• Task prompt: Exact transcription, pictures omitted: reproduce the listing below.

• Supplied material:
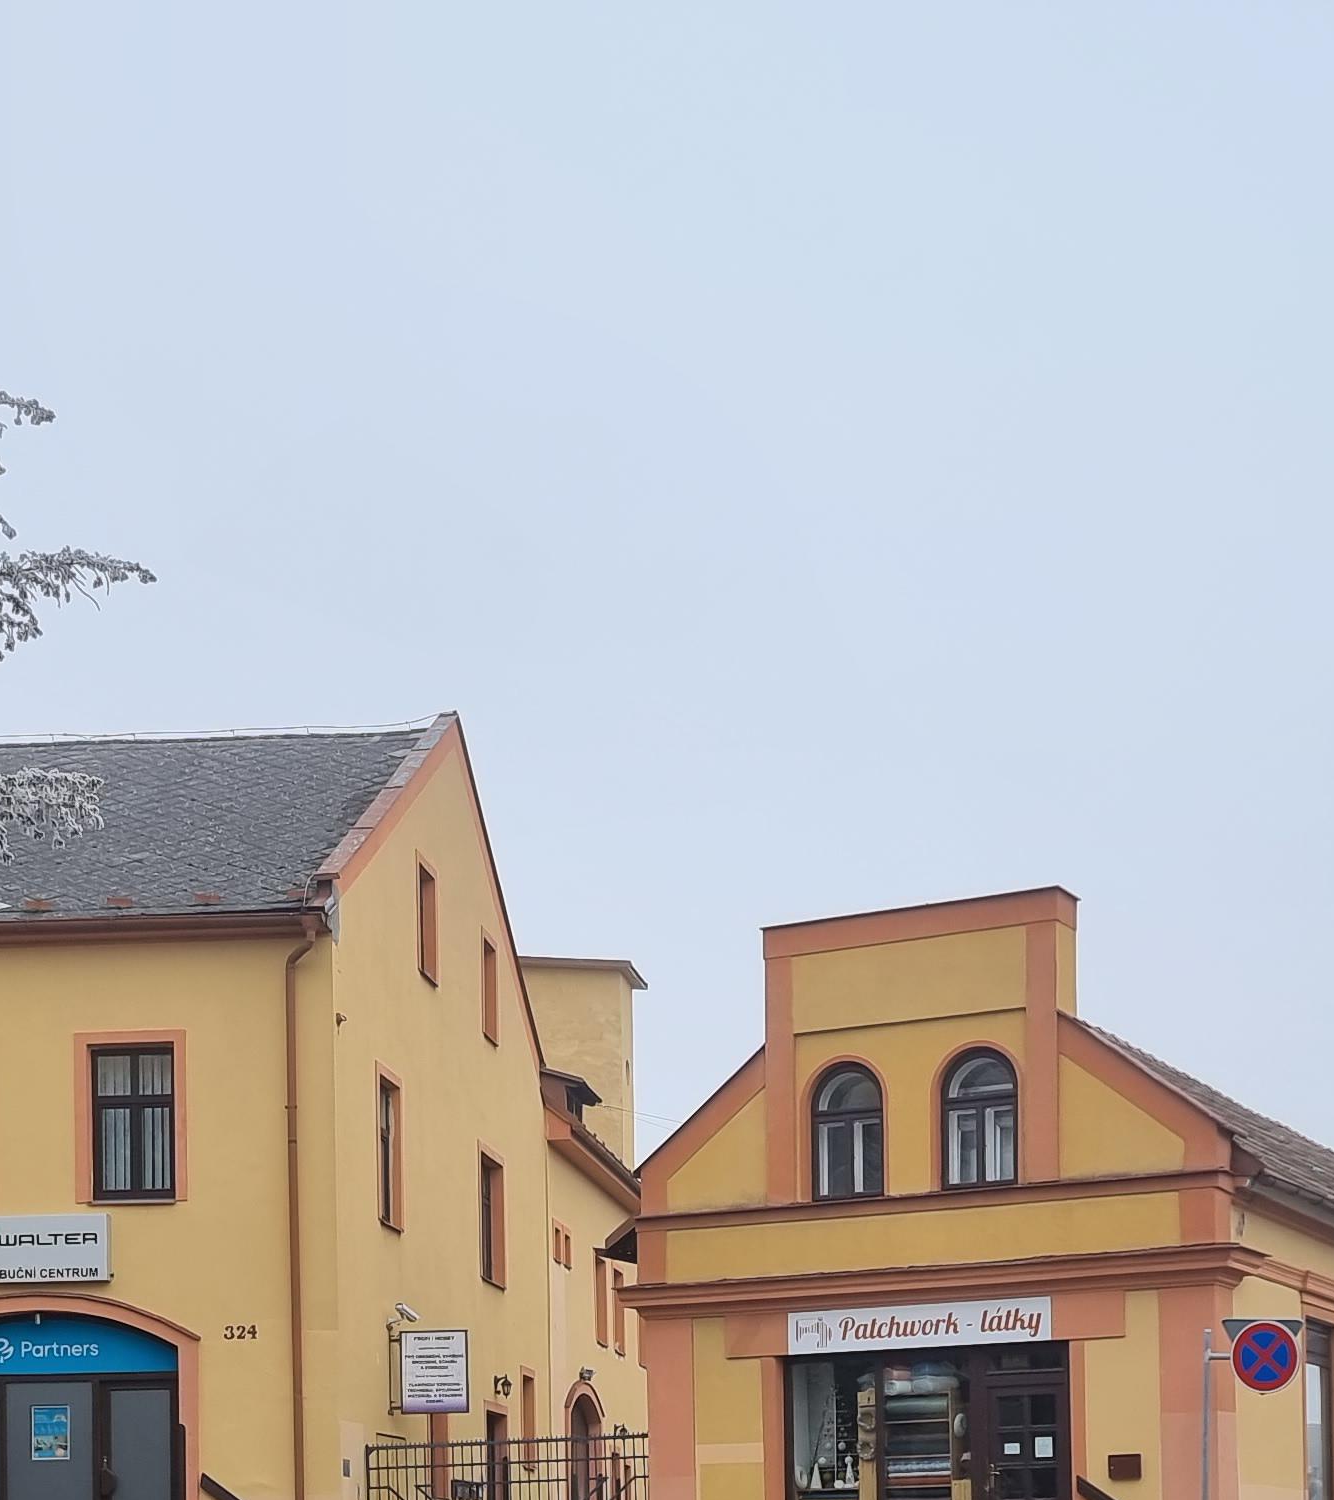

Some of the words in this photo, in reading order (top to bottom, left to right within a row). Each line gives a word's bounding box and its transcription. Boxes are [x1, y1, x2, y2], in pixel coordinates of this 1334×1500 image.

[39, 1267, 99, 1279] CENTRUM
[838, 1312, 960, 1341] Patchwork
[979, 1306, 1043, 1338] látky
[223, 1324, 258, 1340] 324
[20, 1341, 99, 1358] Partners
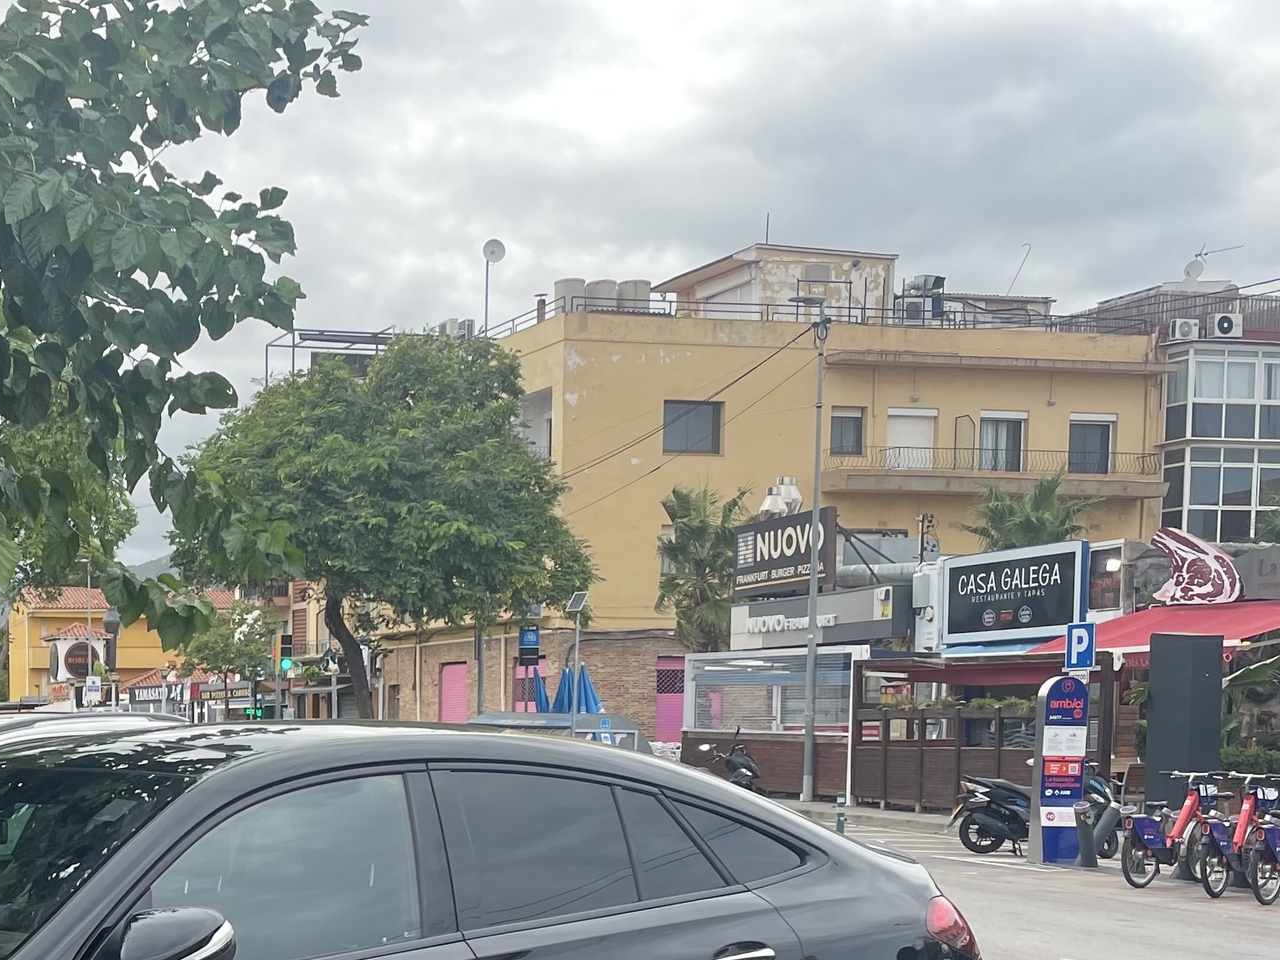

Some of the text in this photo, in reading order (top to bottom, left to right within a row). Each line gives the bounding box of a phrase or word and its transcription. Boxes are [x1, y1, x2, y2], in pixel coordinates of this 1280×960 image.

[756, 522, 825, 562] NUOVO
[736, 570, 769, 585] FRANKFURT
[771, 566, 795, 580] BURGER
[958, 562, 1061, 595] CASA GALEGA
[971, 592, 1015, 603] RESTAURANTE
[1024, 588, 1046, 599] TAPAS
[746, 614, 785, 634] NUOVO
[1070, 628, 1090, 665] P
[1050, 698, 1084, 709] ambici

• Output for this task:
Some of the words in this photo, in reading order (top to bottom, left to right within a row). Each line gives a word's bounding box and its transcription. Boxes are [x1, y1, x2, y2], in pixel coordinates of this 1334×1500 image.

[39, 1267, 99, 1279] CENTRUM
[838, 1312, 960, 1341] Patchwork
[979, 1306, 1043, 1338] látky
[223, 1324, 258, 1340] 324
[20, 1341, 99, 1358] Partners

Some of the text in this photo, in reading order (top to bottom, left to right within a row). Each line gives the bounding box of a phrase or word and its transcription. Boxes are [x1, y1, x2, y2], in pixel coordinates of this 1280×960 image.

[756, 522, 825, 562] NUOVO
[736, 570, 769, 585] FRANKFURT
[771, 566, 795, 580] BURGER
[958, 562, 1061, 595] CASA GALEGA
[971, 592, 1015, 603] RESTAURANTE
[1024, 588, 1046, 599] TAPAS
[746, 614, 785, 634] NUOVO
[1070, 628, 1090, 665] P
[1050, 698, 1084, 709] ambici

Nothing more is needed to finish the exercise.